There are many fun things to do around town on warm, summer evenings. Going to a city-run open house doesn’t usually top the list.

But on Tuesday night, New Westminster residents packed Centennial Lodge to learn about tentative plans for the Vancouver Whitecaps FC to have a development team play out of Queen’s Park Stadium starting next year.

The Whitecaps and the city recently signed a memorandum of agreement to pursue placing a United Soccer League PRO franchise at the stadium. It is currently used for soccer and baseball, but if the new plan is approved it will be a soccer-only facility. The team would be backed by New Westminster native Gary Pooni, a land development consultant, and developer Ian Gillespie of Port Coquitlam along with the Whitecaps.

“It was a respectful crowd. They listened quite well,” said city Coun. Chuck Puchmayr.

“Few people were extremely opposed to it. I found there was a lot of young people that are new people living in Queen’s Park that were thrilled about it.”

He admitted, however, those connected to baseball were not happy about losing the city’s only full-sized baseball diamond.

“It was kind of the response I was expecting it to be,” said Puchmayr, who has been monitoring social media and email to gauge the community’s feelings. “I’m getting more in favour than opposed, but that’s not scientific.”

To begin play in March 2015 all the details have to be worked out by Sept. 15. The league requires minimum seating of 3,500. Queen’s Park Stadium currently can hold less than 2,000. The grandstand seats would have to be upgraded and the bleacher seats replaced.

Inside Queen's Park Stadium


The Queen's Park Stadium grandstand Image credit: Grant Granger/NewsLeader

Details on who will pay for the upgrades, a replacement baseball field elsewhere in the city, and a proposed artificial turf practice field adjacent to the stadium are scarce. Puchmayr said he couldn’t comment because the discussions are in-camera. But he did point out municipalities are limited in what they can fund.

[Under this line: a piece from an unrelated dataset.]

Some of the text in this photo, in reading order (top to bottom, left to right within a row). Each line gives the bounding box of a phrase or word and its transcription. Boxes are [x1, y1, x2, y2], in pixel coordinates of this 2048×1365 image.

“A city is not allowed to give a private entity a benefit. There has to be certainly some community benefit for any of the investments the city is doing. We can’t build them a park for them to play,” said Puchmayr. “Right now there are discussions going on how we can achieve this … There’s still a lot of work before September. Our staff thinks they can bring something to us to make that decision.”

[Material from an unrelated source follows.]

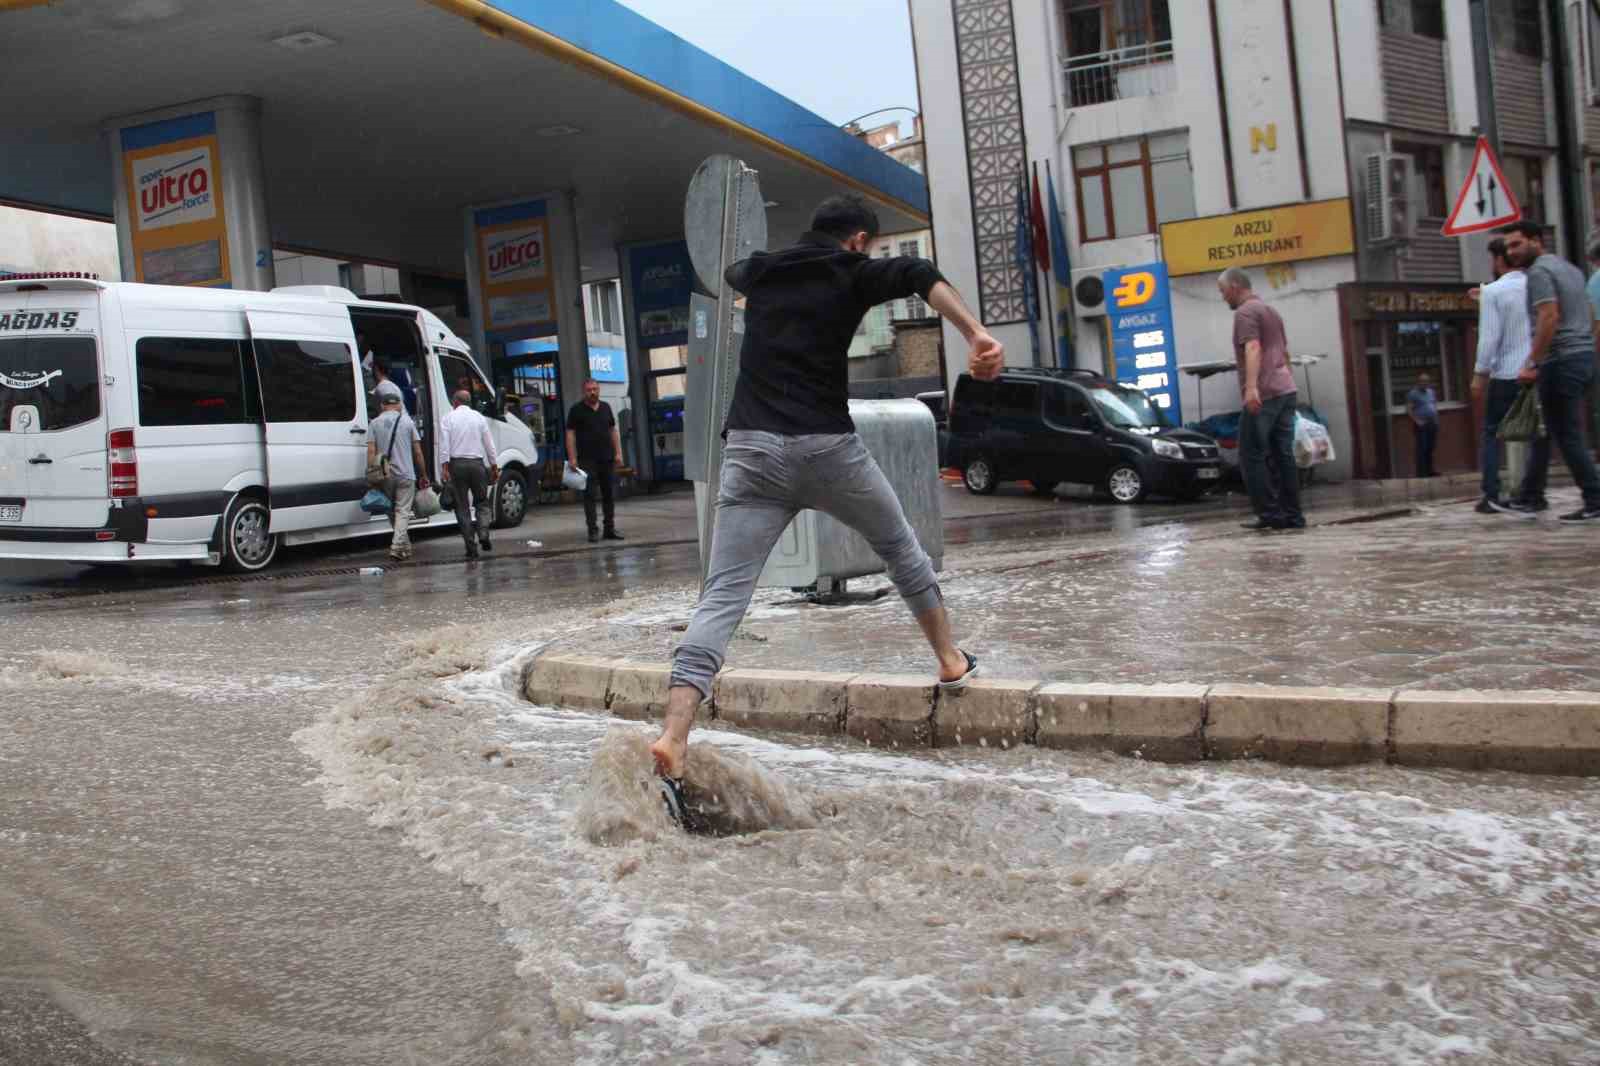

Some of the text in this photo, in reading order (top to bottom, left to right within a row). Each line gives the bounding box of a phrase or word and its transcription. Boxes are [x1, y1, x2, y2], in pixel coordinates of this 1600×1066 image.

[142, 168, 208, 213] ultra
[1233, 221, 1272, 237] ARZU
[489, 241, 541, 271] ultra
[1208, 235, 1302, 261] RESTAURANT

When baseball backer and New Westminster native Cory Helmer does the math the costs begin to add up.

He believes the cost of upgrading the stadium, building a replacement baseball field and putting in another artificial turf field will be $7 million or more.

“Something doesn’t make sense here,” said Helmer, 29. “It feels real eery.”

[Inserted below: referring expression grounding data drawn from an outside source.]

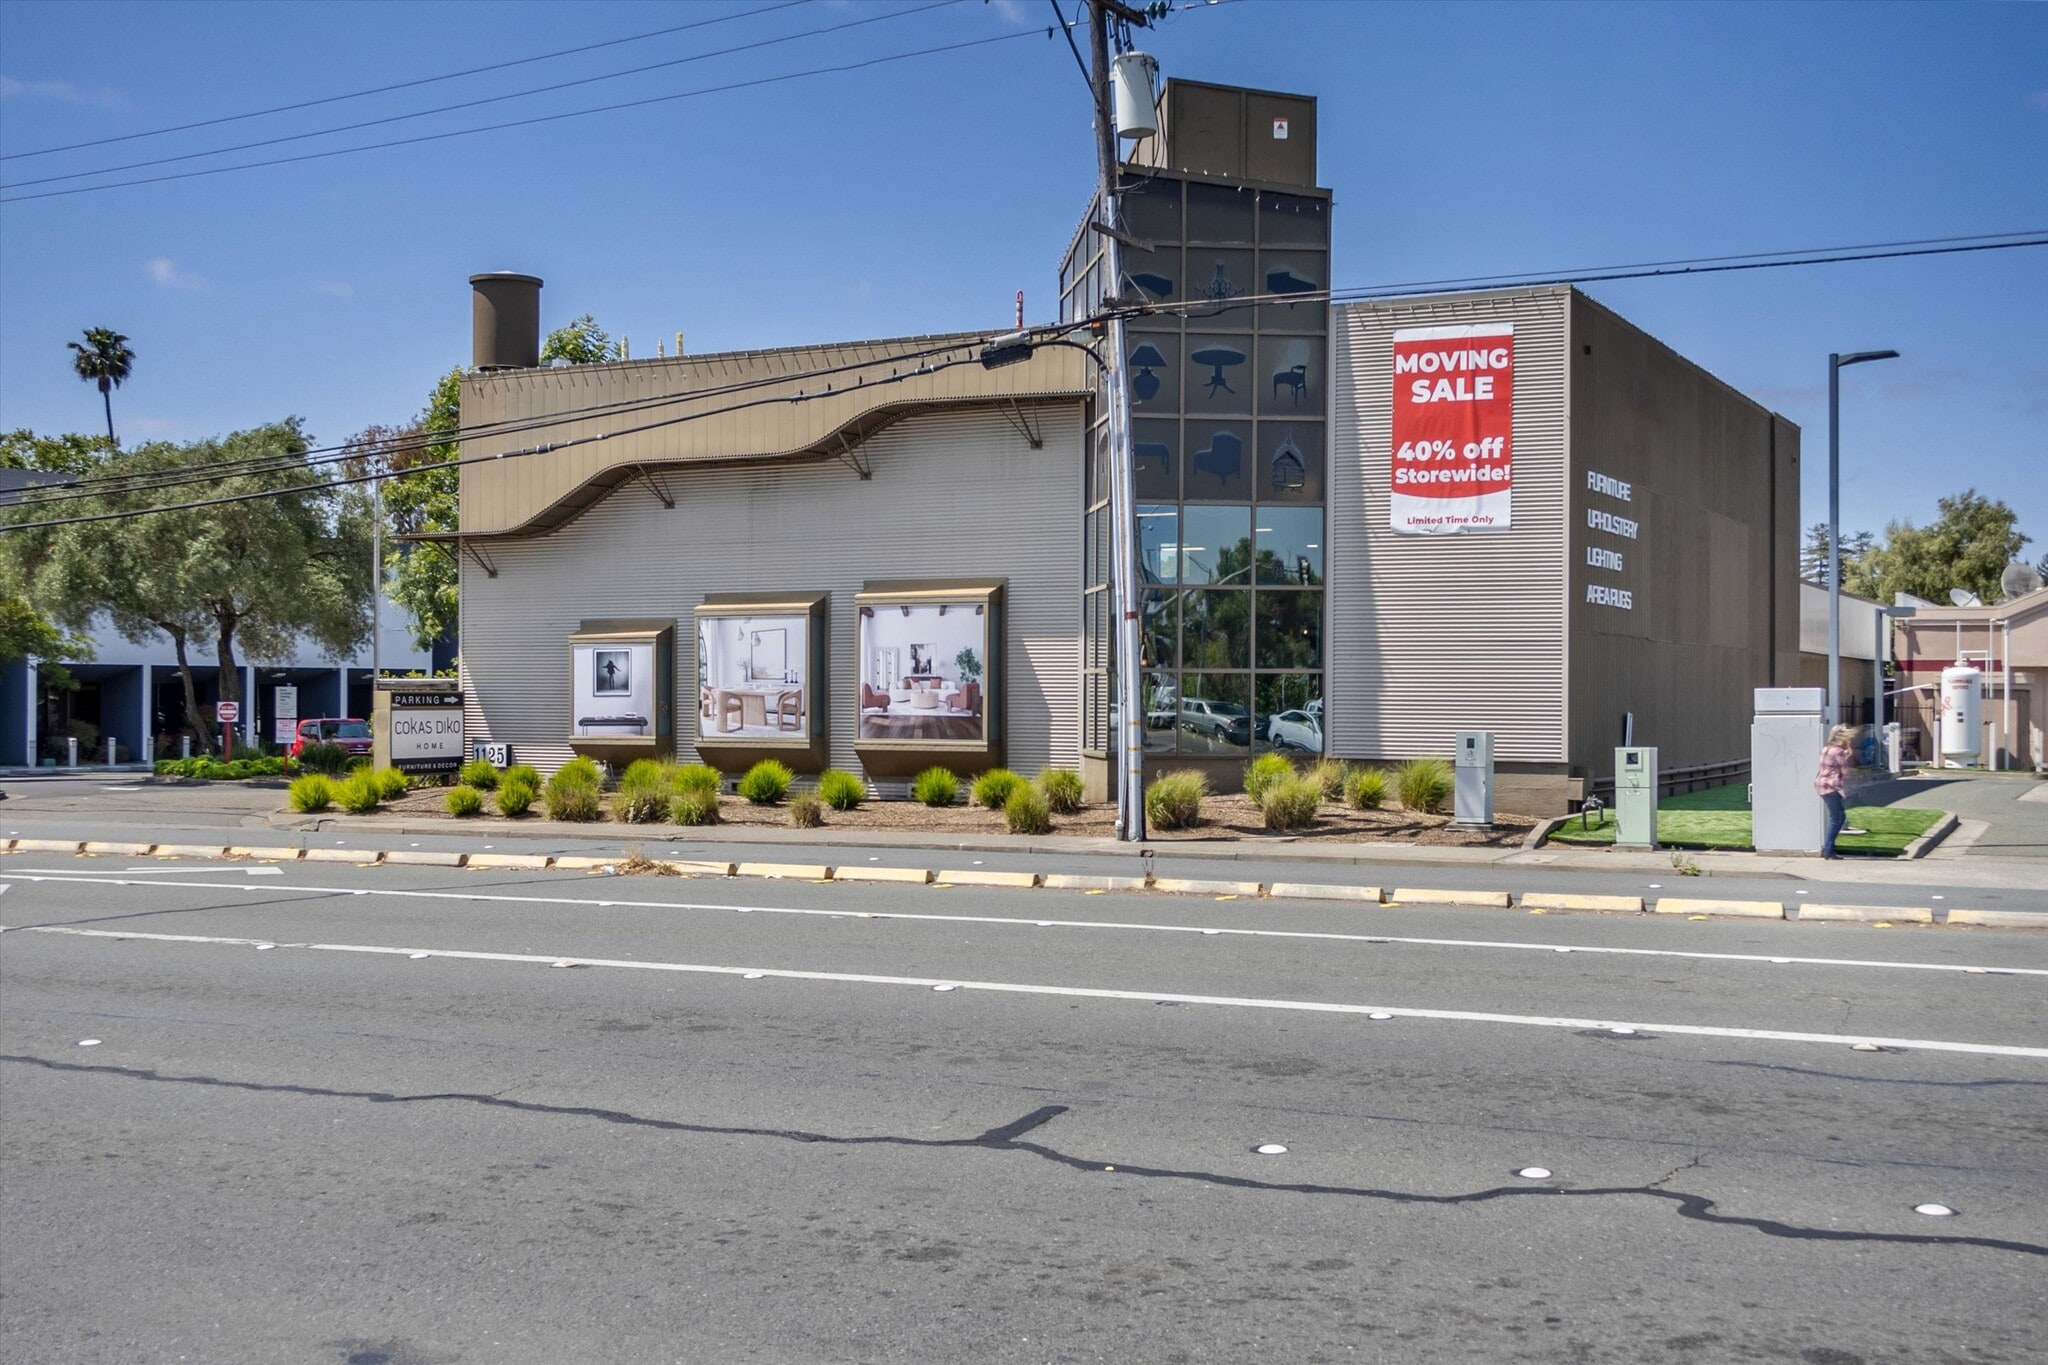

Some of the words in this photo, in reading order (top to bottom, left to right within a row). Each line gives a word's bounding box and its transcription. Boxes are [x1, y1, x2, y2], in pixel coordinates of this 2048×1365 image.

[1395, 348, 1509, 374] MOVING
[1411, 376, 1494, 403] SALE
[1396, 439, 1456, 461] 40%
[1463, 436, 1504, 459] off
[1395, 464, 1511, 484] Storewide!
[1587, 470, 1632, 502] FURNITURE
[1407, 516, 1443, 525] Limited
[1446, 515, 1469, 524] Time
[1472, 515, 1494, 525] Only
[1587, 508, 1639, 539] UPHOLSTERY
[1586, 546, 1622, 571] LIGHTING
[395, 696, 440, 704] PARKING
[395, 717, 433, 735] COKAS
[436, 717, 461, 734] DIKO
[416, 742, 444, 750] HOME
[475, 746, 505, 764] 1125

He said to build another full-sized baseball park elsewhere in Queen’s Park would take away a softball field. Another option proposed by the city is Hume Park, but Helmer said that would be a tight squeeze. In either case a new park would take a few years to build. “That would cripple New Westminster baseball,” said Helmer.

He said community baseball worked with the city for years to keep the sport in the historic stadium. They raised money to build new dugouts, erect new fencing, install new lights and a scoreboard, and build a batting cage. All that would be lost if it was turned into a soccer-only facility, said Helmer.

“You’re going to uproot all the community sports for soccer with 14 (USL) games there?”

Another open house on the proposal will be at Centennial Community Centre on Saturday, Aug. 9, 11 a.m. to 1 p.m.